L’aventure calédonienne.
A son arrivée, il remarque la simplicité du port, la rusticité des maisons, les routes qui ne sont alors que des chemins poussiéreux rendant les déplacements difficiles.
Il est pharmacien et, très vite, il pense à l’aviation sanitaire pour améliorer les transports. De plus, de nombreuses îles pourraient ainsi sortir de leur isolement.
Mais le pays, très bosselé, ne se prête guère aux atterrissages. « J’ai emprunté un compresseur et avec l’aide de quelques camarades et d’une dizaine de prisonniers canaques, nous avons construit dans le fond d’une vallée, deux pistes d’envol permettant de décoller par tous les vents. Puis, nous avons bâti un hangar rustique, couvert de chaume. », raconte “t-il.

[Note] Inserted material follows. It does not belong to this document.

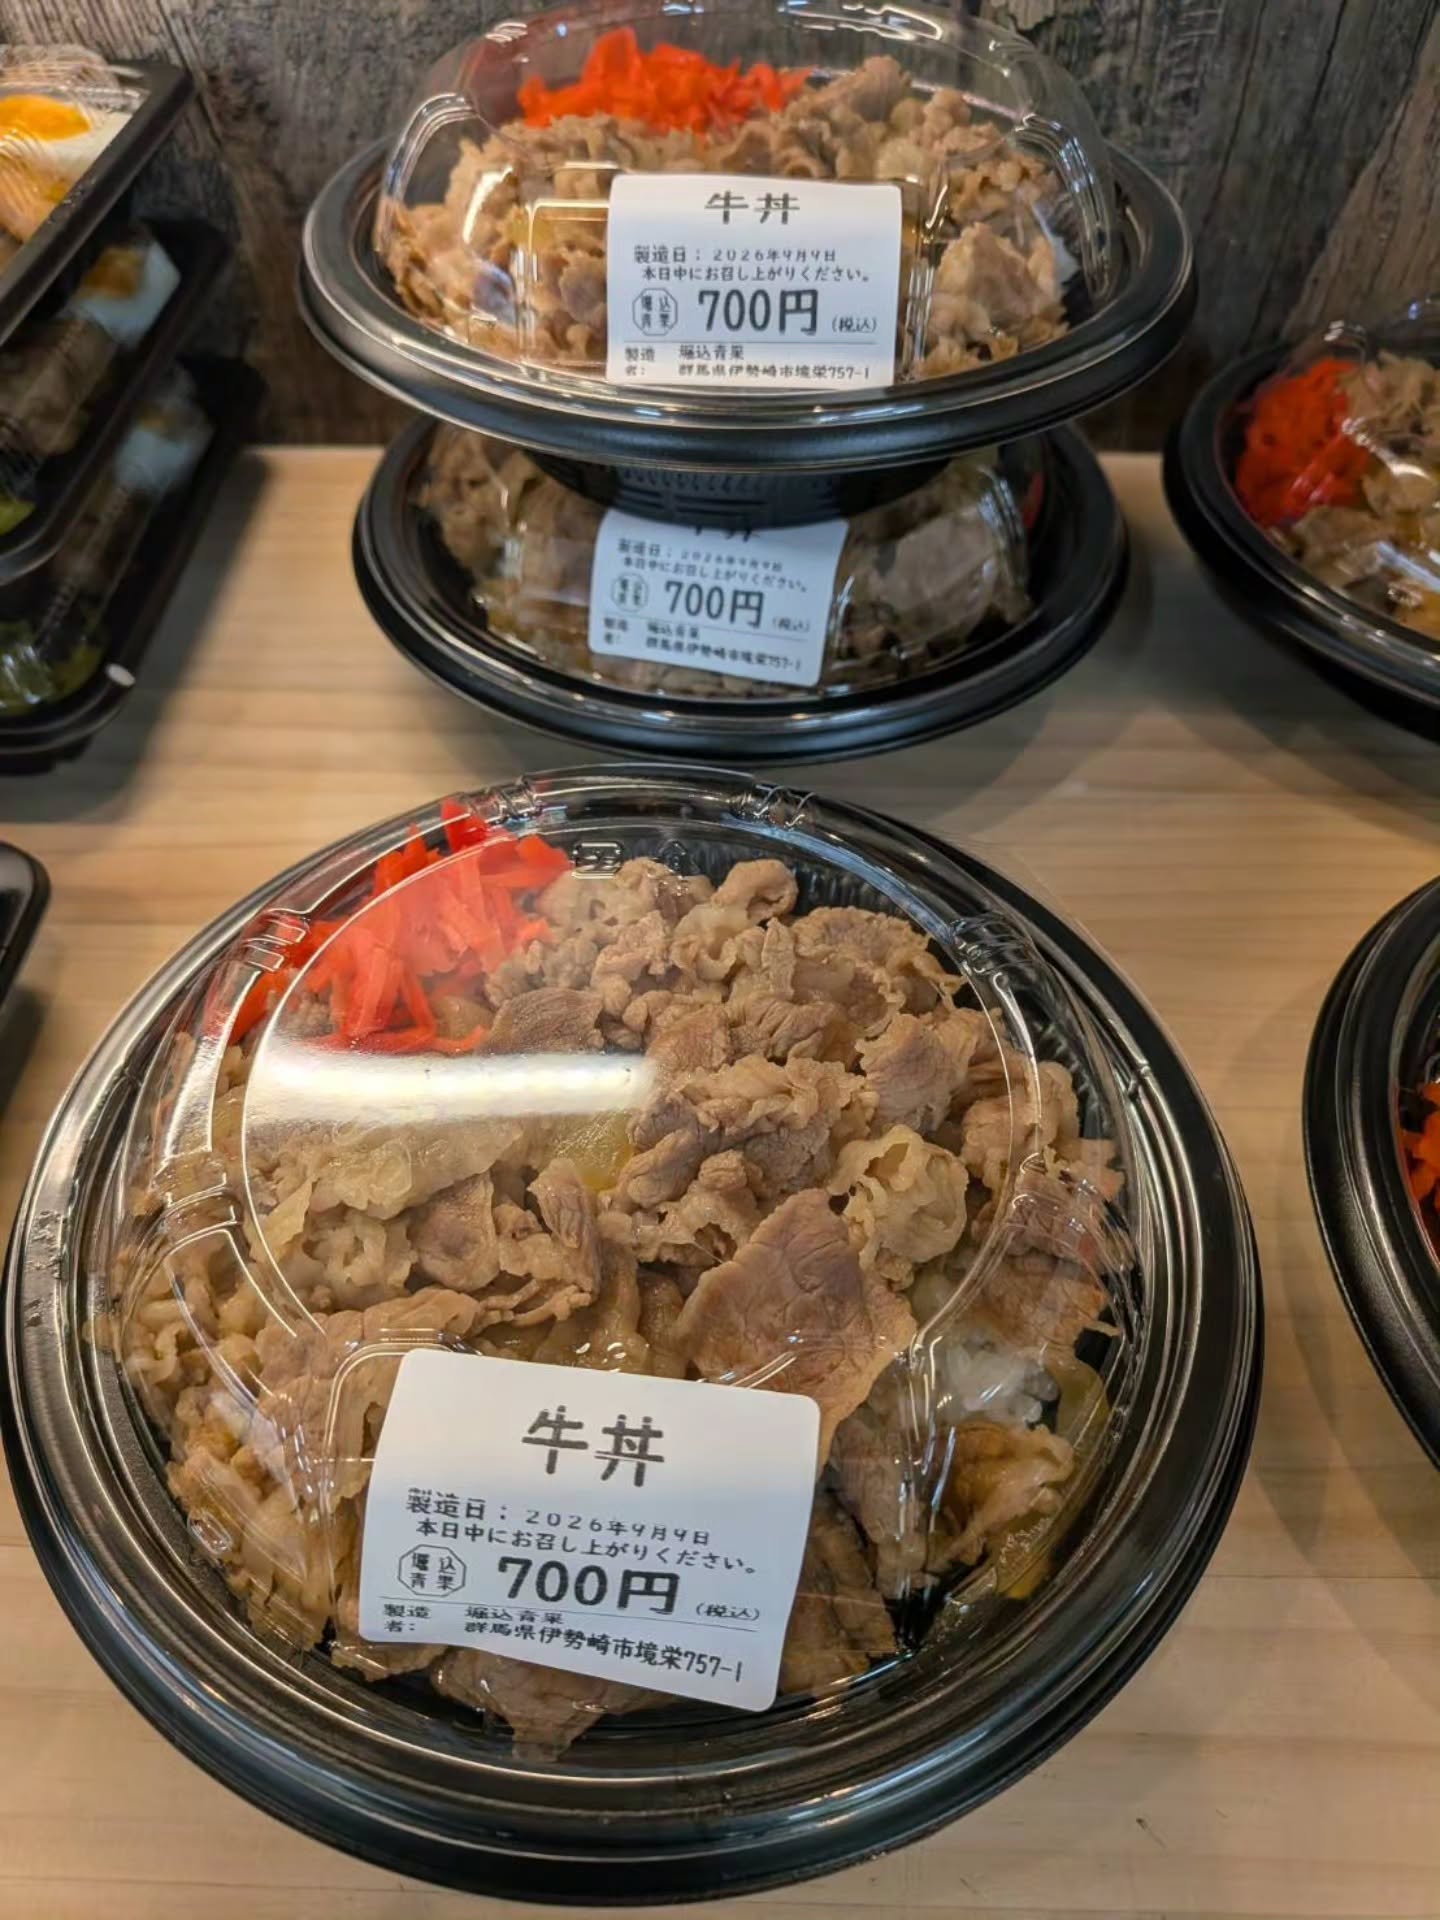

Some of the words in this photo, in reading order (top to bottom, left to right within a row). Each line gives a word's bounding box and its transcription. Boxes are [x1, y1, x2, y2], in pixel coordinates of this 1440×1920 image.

Afin de faire aboutir ses projets d’aviation à Nouméa, il se fait tour à tour dessinateur, ingénieur, mécanicien-ajusteur, cantonnier et terrassier. La passion née dans sa tête d’enfant qui regardait les avions militaires se poser dans les champs de Sainte-Ménehould va devenir une obsession !
En 1934, il crée l’aéro-club qui porte aujourd’hui son nom. C’est un excellent tremplin pour obtenir le brevet de pilote ! Premier objectif : achat d’un avion : Ce sera un Potez 60. Pour le payer, une souscription est offerte à tous les calédoniens. Les dons affluent, certains même très modestes. S’y ajoutent les bénéfices d’un bal, la vente d’une belle maquette d’avion qui rapporte la somme énorme de 23 000 francs et une traite, avalisée conjointement par Henri et un autre passionné de l’aéro-club.

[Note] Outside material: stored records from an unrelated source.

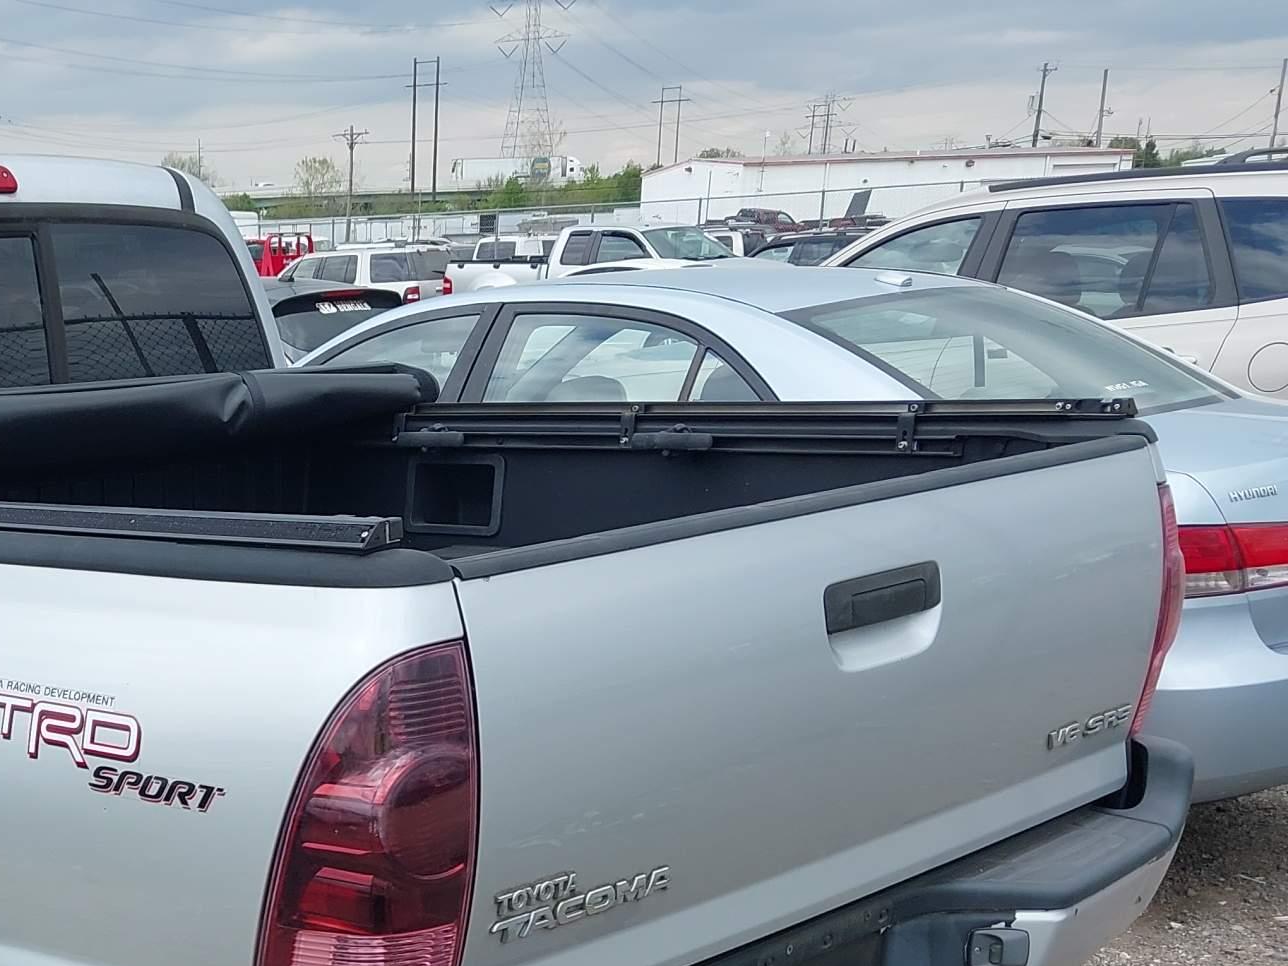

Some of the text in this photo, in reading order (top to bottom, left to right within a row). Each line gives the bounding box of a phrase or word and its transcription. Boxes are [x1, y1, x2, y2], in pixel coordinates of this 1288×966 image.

[1228, 485, 1278, 503] HYUNDAI
[6, 680, 41, 695] RACING
[43, 686, 116, 707] DEVELOPMENT
[88, 765, 226, 813] SPORT
[489, 865, 671, 944] TACOMA
[495, 871, 577, 918] TOYOTA

L’appareil acheté est baptisé « Cagou » [2]. Il vole pour la première fois le 10 janvier 1936, aux mains d’un « ancien de la guerre », Gaston Constans. Ce n’est que le 15 février qu’Henri, en place avant, effectue son premier vol en Calédonie.
Même si les pistes permettaient bien l’envol, l’atterrissage continuait à poser problème. Il fallait bien connaître la topographie des lieux envisagés, ce qui n’empêchait pas, quelquefois, de mauvaises surprises à l’arrivée ! Mais, quand l’avion atterrissait, la foule des grands jours accourait, dans un feu d’artifice de chapeaux ! En ce temps là, hommes, femmes et enfants, ne sortaient jamais tête nue. Tous voulaient toucher le bel oiseau. Beaucoup voulaient prendre le baptême de l’air, les aviateurs étaient devenus des héros.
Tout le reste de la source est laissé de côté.